So I Married a Genealogist… and all I got was a trip to this weird conference

I am not a genealogist or family historian, however, I am married to one. Which is how I found myself at the National Genealogy Society 2018 Family History Conference in Grand Rapids, MI celebrating our 11th wedding anniversary in the absolute nerdiest way I could ever possibly imagine. It was glorious.

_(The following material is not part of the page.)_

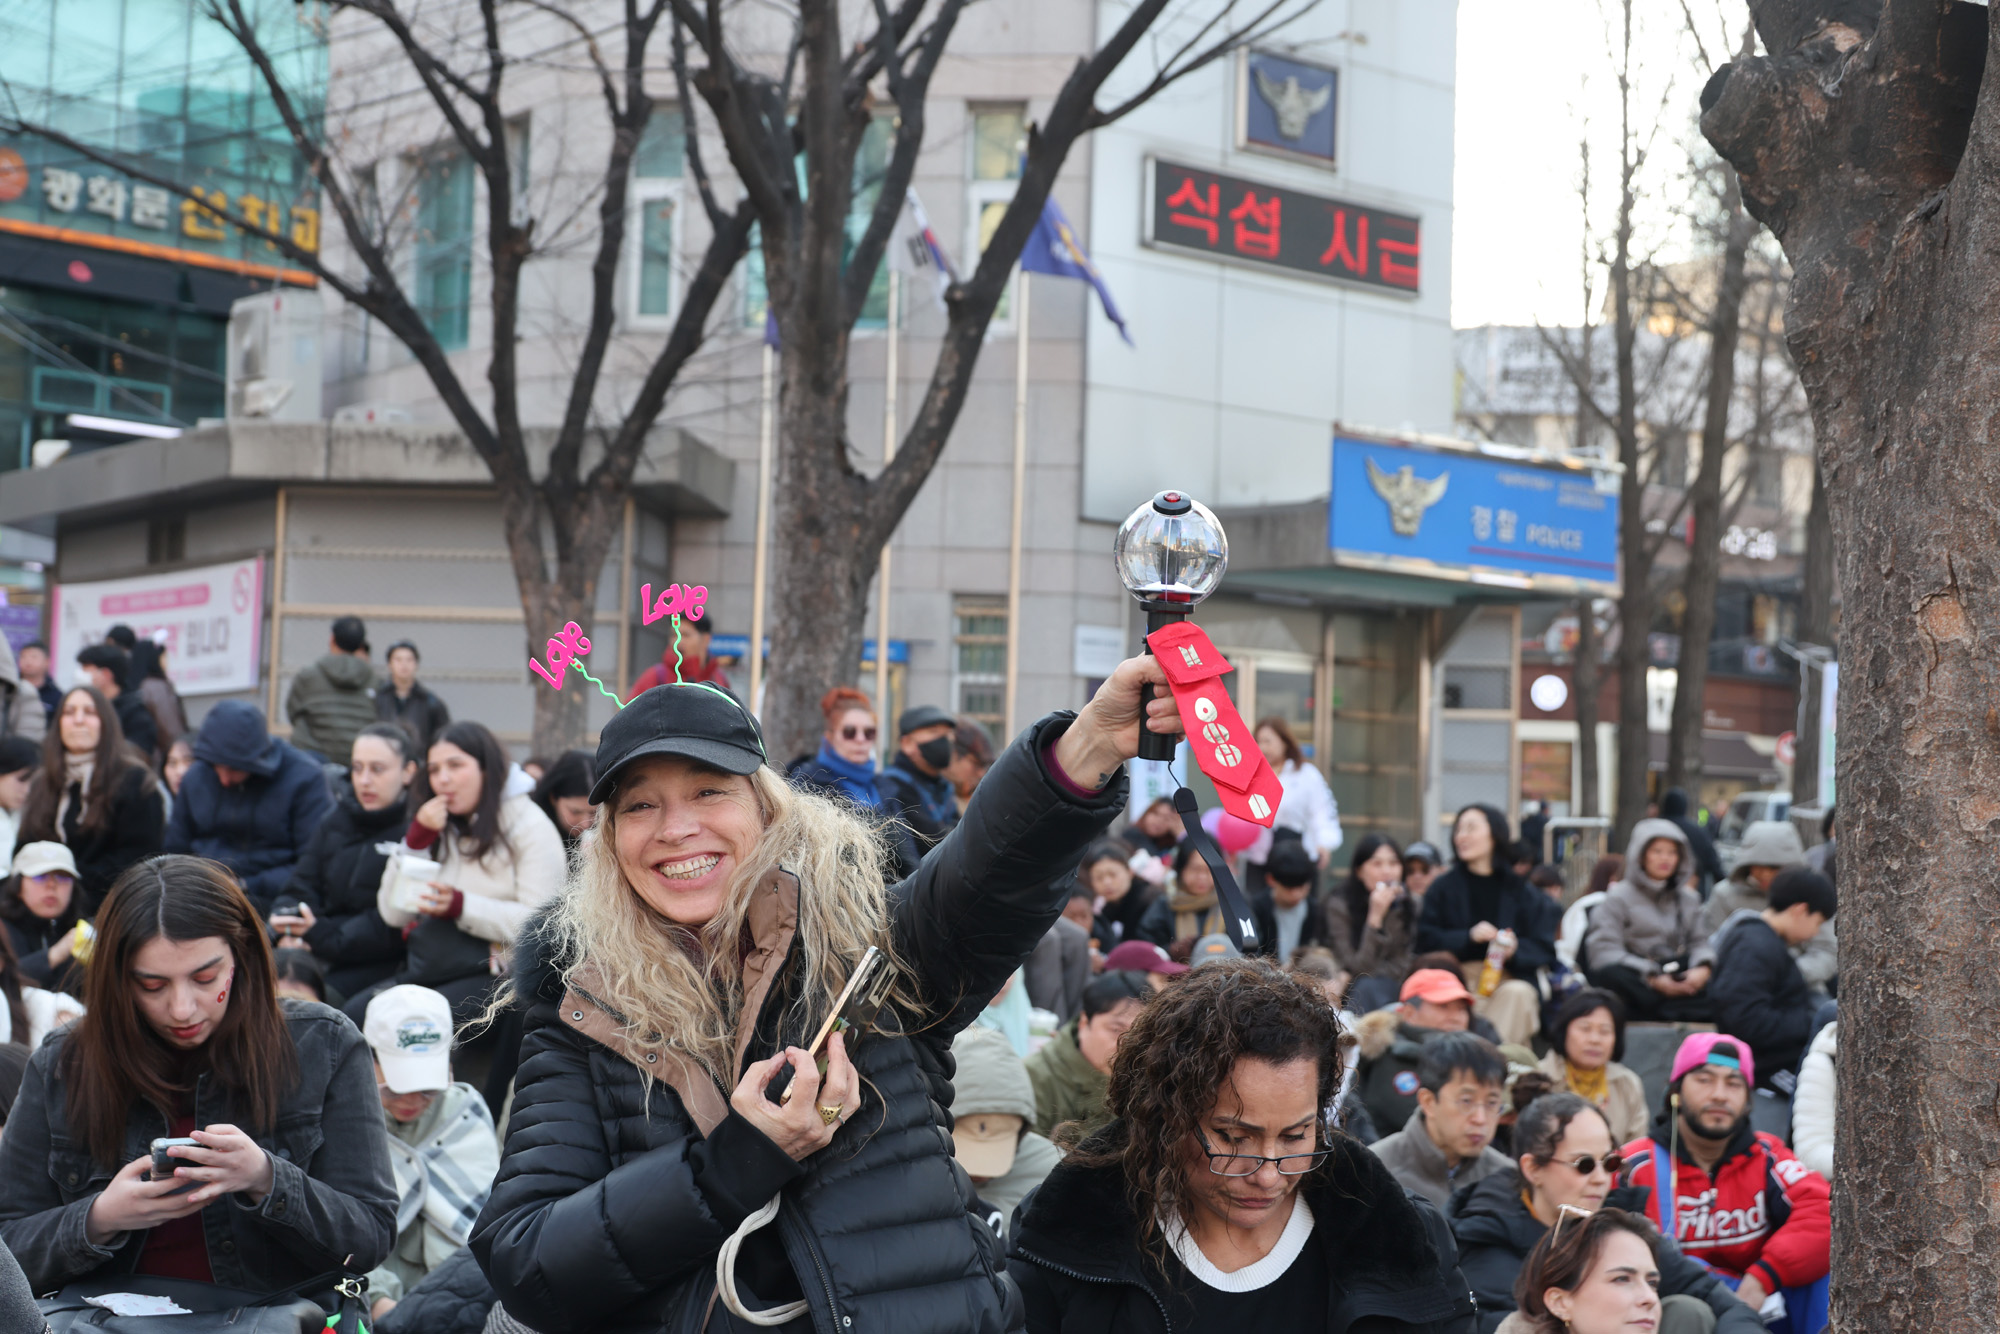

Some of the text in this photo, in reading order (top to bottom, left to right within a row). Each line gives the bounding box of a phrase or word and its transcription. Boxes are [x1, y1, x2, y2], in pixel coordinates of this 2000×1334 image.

It was not only our first convention, it was also my first trip to Grand Rapids – a beautiful city I have every intention of visiting again as soon as the opportunity presents itself. As our anniversary treat, and thanks to the discount granted to conventioneers, we stayed at the Amway Grand Plaza Hotel which hosted the conference. When I say that it is a nice place, what I mean is that it is a gorgeous fairy tale of a hotel experience complete with an amazing view of the Grand River.

A writing room view I could get used to.

The food in this town was unbelievable. We enjoyed dining at Wolfgang Puck’s Kitchen and Cygnus 27, as well as Ruth’s Chris Steakhouse, all without leaving the comforts of the hotel. The absolute jewel of the trip, however, was a few blocks away at San Chez, where we enjoyed one of the best meals that I have ever eaten in a fun, casual atmosphere. My only regret was not going back for every remaining meal on our trip

Shrimp in a spicy banana liqueur sauce? Yes, please, may I have some more?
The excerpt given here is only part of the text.